---------- Data

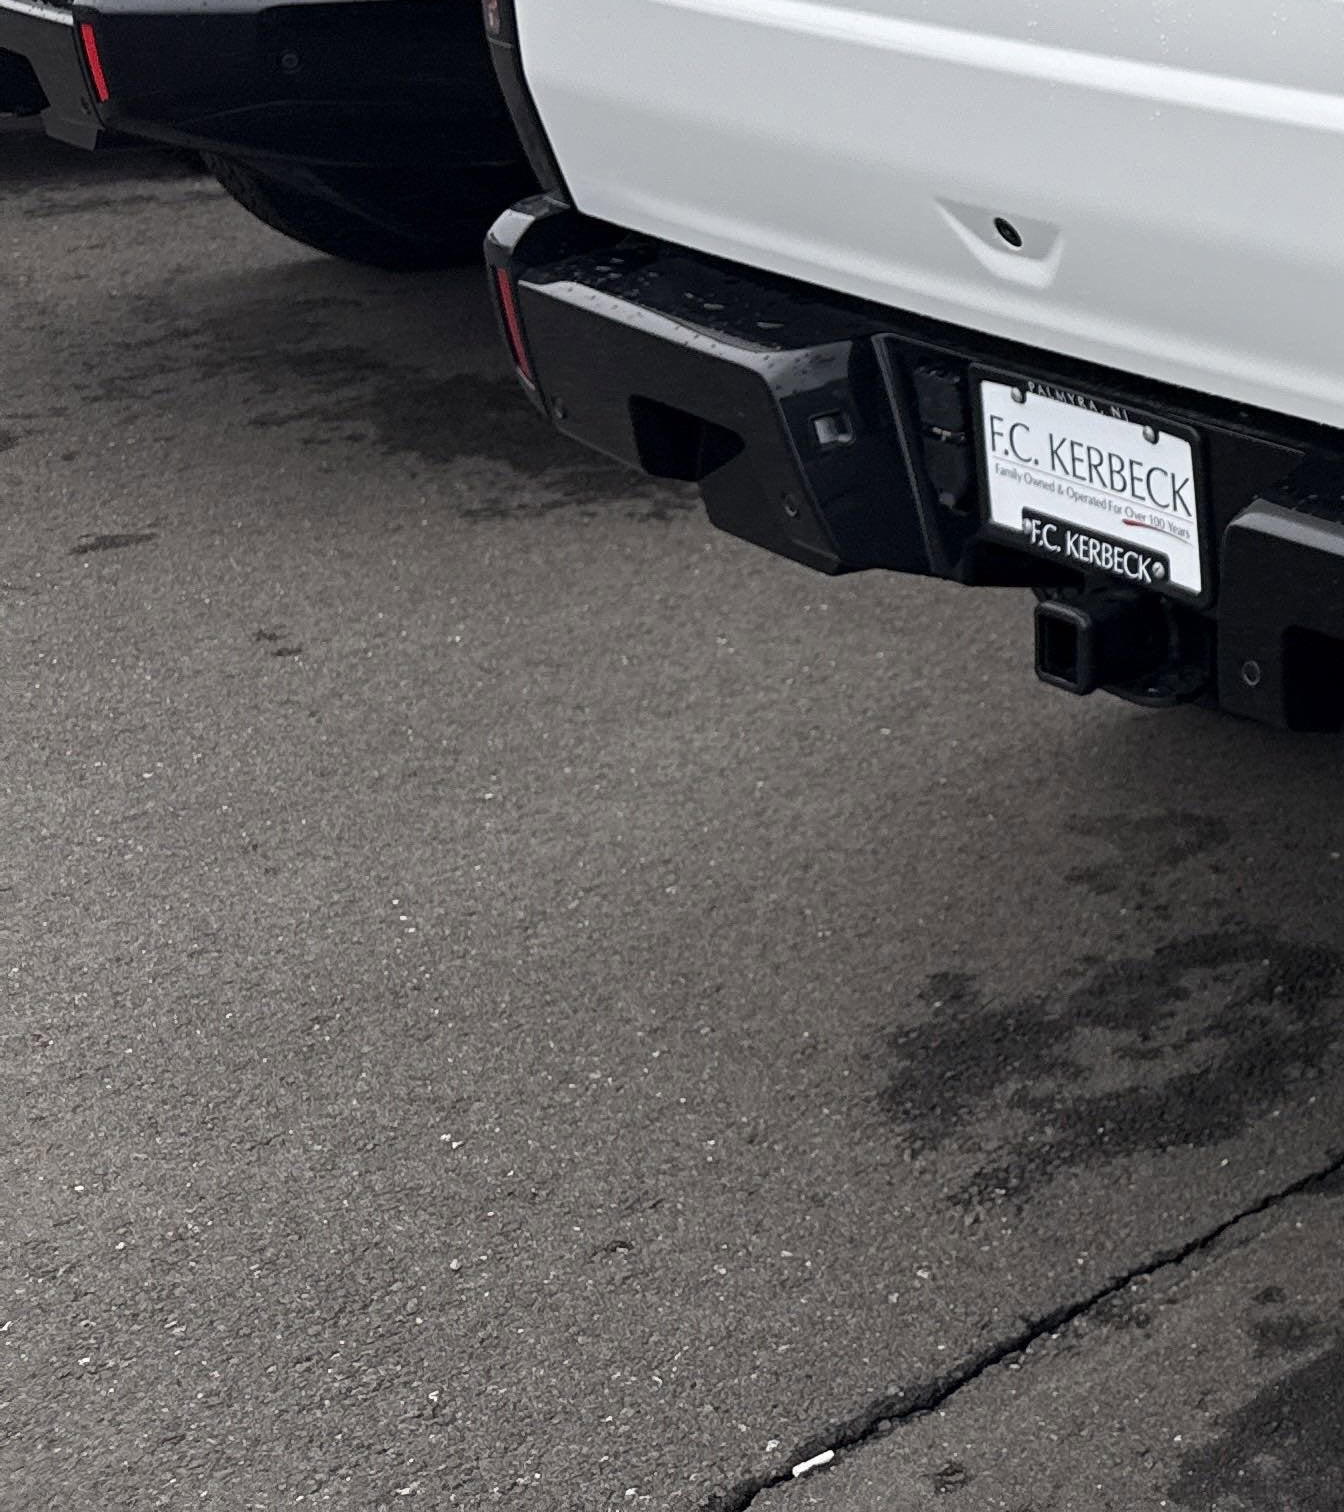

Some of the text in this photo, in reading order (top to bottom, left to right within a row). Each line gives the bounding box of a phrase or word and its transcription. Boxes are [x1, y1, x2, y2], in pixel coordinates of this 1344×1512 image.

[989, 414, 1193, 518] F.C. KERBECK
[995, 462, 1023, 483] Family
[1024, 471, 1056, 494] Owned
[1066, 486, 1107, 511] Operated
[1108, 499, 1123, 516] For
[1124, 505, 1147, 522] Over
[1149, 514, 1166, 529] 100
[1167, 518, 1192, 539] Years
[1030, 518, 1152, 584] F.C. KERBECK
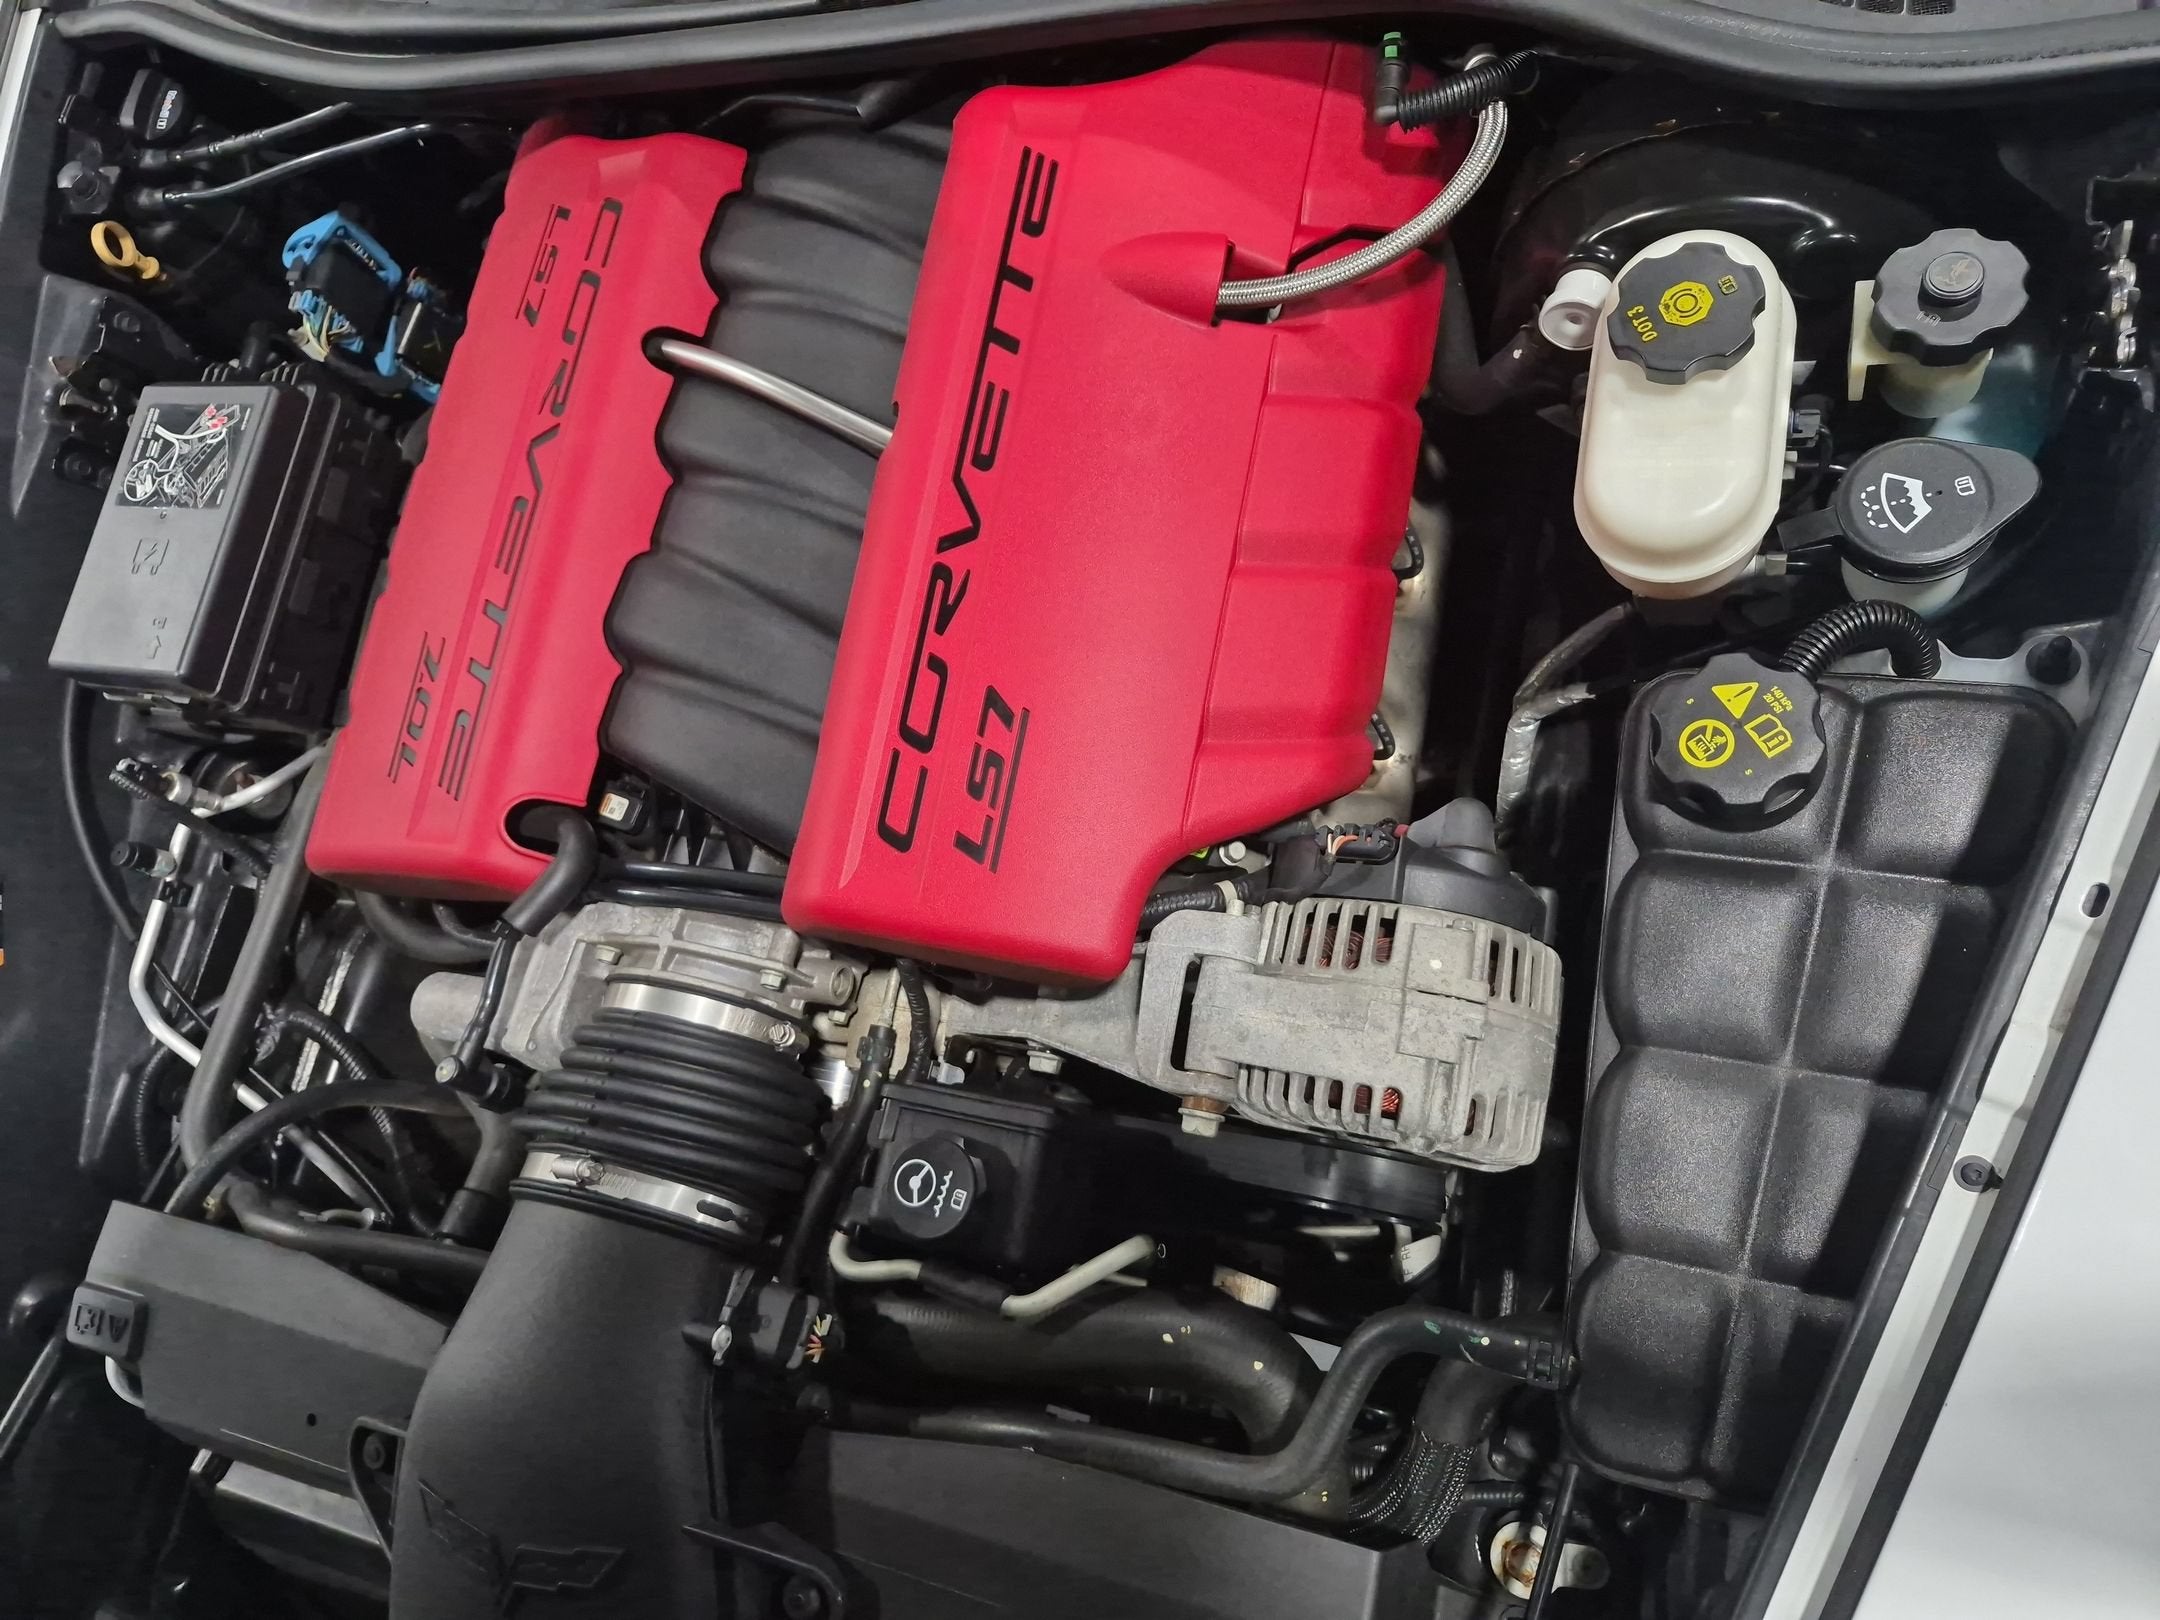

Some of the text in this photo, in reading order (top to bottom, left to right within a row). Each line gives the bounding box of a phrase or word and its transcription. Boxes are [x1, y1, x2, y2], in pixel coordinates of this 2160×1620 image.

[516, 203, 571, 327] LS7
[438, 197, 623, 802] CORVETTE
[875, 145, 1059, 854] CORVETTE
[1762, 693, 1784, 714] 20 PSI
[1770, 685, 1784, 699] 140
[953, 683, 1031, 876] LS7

--------------------

**Goal of the exercise**
Transcribe the entries above verbatim, omitting their pictures.

**Solution to the problem**
Some of the text in this photo, in reading order (top to bottom, left to right within a row). Each line gives the bounding box of a phrase or word and its transcription. Boxes are [x1, y1, x2, y2], in pixel coordinates of this 1344×1512 image.

[989, 414, 1193, 518] F.C. KERBECK
[995, 462, 1023, 483] Family
[1024, 471, 1056, 494] Owned
[1066, 486, 1107, 511] Operated
[1108, 499, 1123, 516] For
[1124, 505, 1147, 522] Over
[1149, 514, 1166, 529] 100
[1167, 518, 1192, 539] Years
[1030, 518, 1152, 584] F.C. KERBECK

Some of the text in this photo, in reading order (top to bottom, left to right within a row). Each line gives the bounding box of a phrase or word and its transcription. Boxes are [x1, y1, x2, y2], in pixel coordinates of this 2160×1620 image.

[516, 203, 571, 327] LS7
[438, 197, 623, 802] CORVETTE
[875, 145, 1059, 854] CORVETTE
[1762, 693, 1784, 714] 20 PSI
[1770, 685, 1784, 699] 140
[953, 683, 1031, 876] LS7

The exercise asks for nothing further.